In its final estimate of fourth-quarter gross domestic product (GDP), the US Department of Commerce's Bureau of Economic Analysis said GDP grew at a 3.4% annual rate in the previous quarter, up from the previously reported 3.2%. This revision reflects upward revisions to consumer spending, business investment, and state and local government spending, offsetting downward revisions to inventory accumulation and exports. Economists surveyed by Reuters had previously expected no revision to the annualized growth rate of GDP.
Economic growth exceeded 1.8%, a pace that Fed officials believe will not spur faster inflation. Third-quarter growth was 4.9%, and 2023 economic growth was 2.5%, up from 1.9% in 2022. First-quarter growth is expected to be around 2.0%. Core inflation fell from 2.1% to 2.0% last quarter.
Consumer spending, which accounts for more than two-thirds of US economic activity, grew at a rate of 3.3%, contributing 2.2 percentage points to GDP growth. The previously estimated growth rate was 3.0%. Service sector growth was revised upward. Another report from the Labor Department showed that the number of people filing initial claims for state unemployment benefits fell by 2,000 to 210,000, seasonally adjusted, in the week ended March 23. Economists had expected 212,000. Despite a series of high-profile layoffs earlier this year, applications for unemployment benefits have hovered between 200,000 and 213,000 since February. The report showed that continuing claims rose by 24,000 to 1.819 million in the week ended March 16. That week was within the survey period for the government's March nonfarm employment report.

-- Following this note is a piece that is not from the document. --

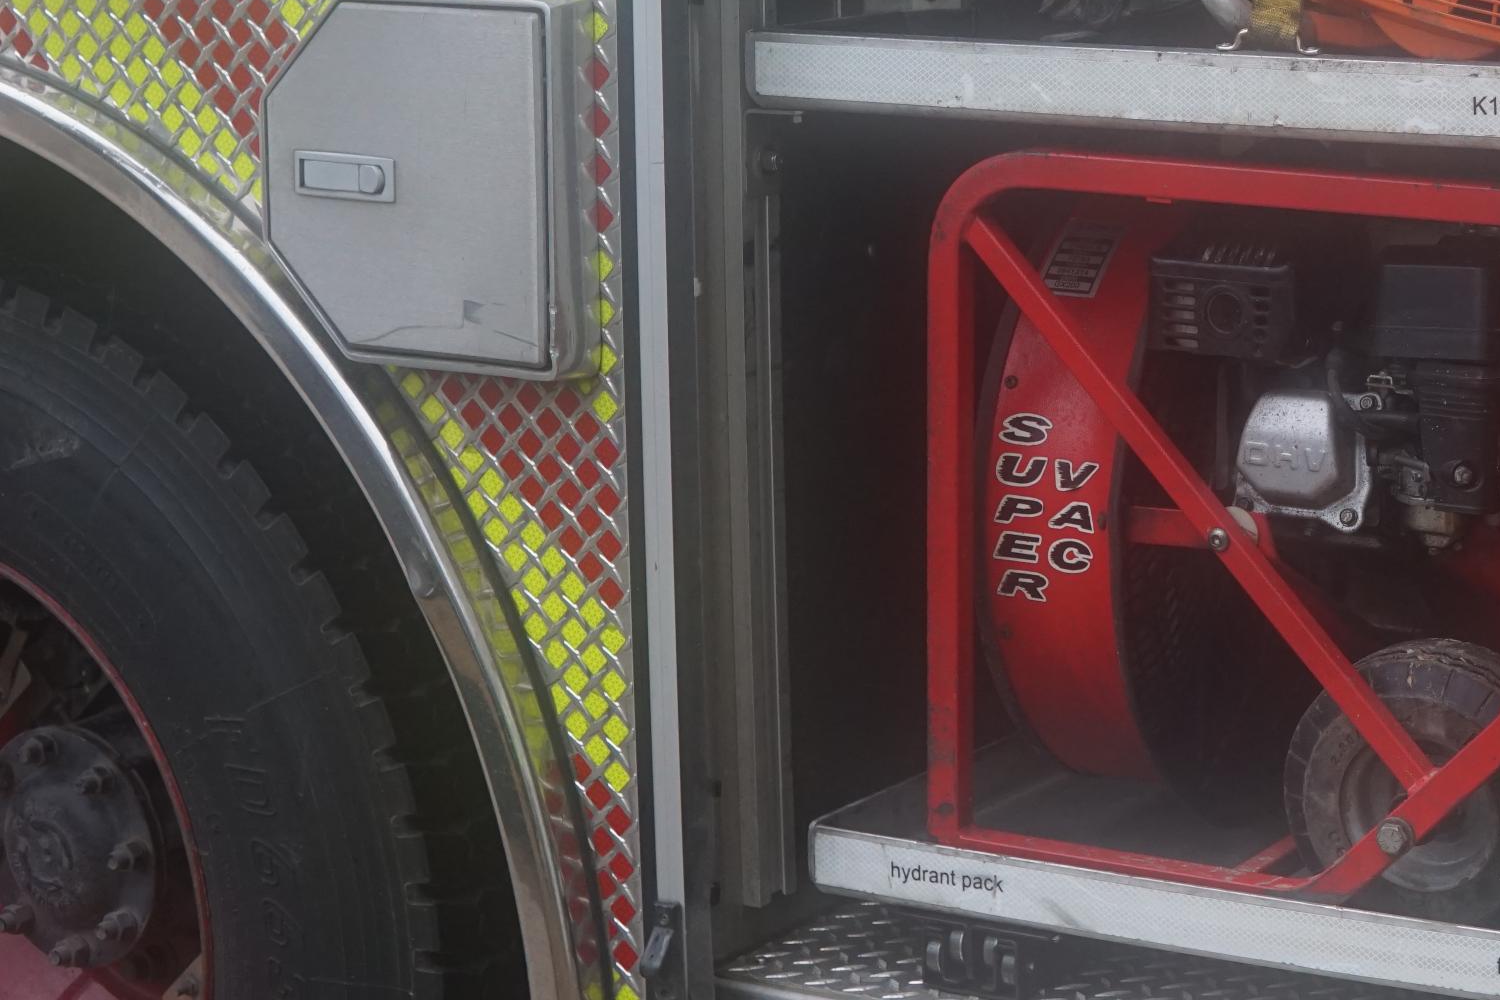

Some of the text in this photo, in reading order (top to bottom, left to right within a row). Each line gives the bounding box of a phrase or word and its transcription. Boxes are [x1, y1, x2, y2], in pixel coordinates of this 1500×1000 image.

[993, 412, 1099, 603] SUPER VAC
[890, 861, 1004, 893] hydrant pack

The University of Michigan consumer sentiment index rose to its highest level since July 2021, climbing to 79.4, exceeding expectations of 76.5. Pending home sales rebounded in February, rising 1.6% month-on-month after plunging -4.7% in January, exceeding market expectations of 1.5%.
Focus on Fed Chair's speech
Also on Friday, attention will be on a speech by Fed Chair Powell at an event at the Federal Reserve Bank of San Francisco, on the topic of "Macroeconomics and Monetary Policy."
Federal Reserve Governor Christopher Waller said in a speech at the New York Economic Club on Wednesday that the Fed does not need to rush to cut interest rates. However, he remains hopeful about rate cuts, saying that "further progress in lowering inflation is expected to make it appropriate for the Fed to begin lowering the target range for the federal funds rate this year."
The Fed is expected to maintain a cautious approach to rate cuts, as starting too early or cutting too much could exacerbate price pressures again. At the same time, delaying rate cuts could put unnecessary pressure on the labor market and the economy.
Economists at Commerzbank said, "Even seemingly hawkish statements from the Fed don't seem to be affecting precious metals. Just on Wednesday, Fed Governor Christopher Waller stressed that recent economic data suggest a delay or reduction in the size of rate cuts. Therefore, the market seems to underestimate the risk of later and smaller US rate cuts. Although the median of the rate forecasts of senior Fed officials remained unchanged at the last meeting, the distribution shows that only a few need to raise their rate expectations to push up the median."
ANZ economists said, "The rise in gold prices suggests the market expects further declines in inflation should support central bank action to cut rates later this year, and safe-haven demand remains strong." "While we maintain a positive long-term outlook, a short-term pullback is possible. Price corrections are an opportunity to build long positions. We expect gold prices to approach $2300/oz by the end of 2024."
Due to the closure of the gold market on Friday, a gap may occur when the market opens on Monday, and investors need to be vigilant.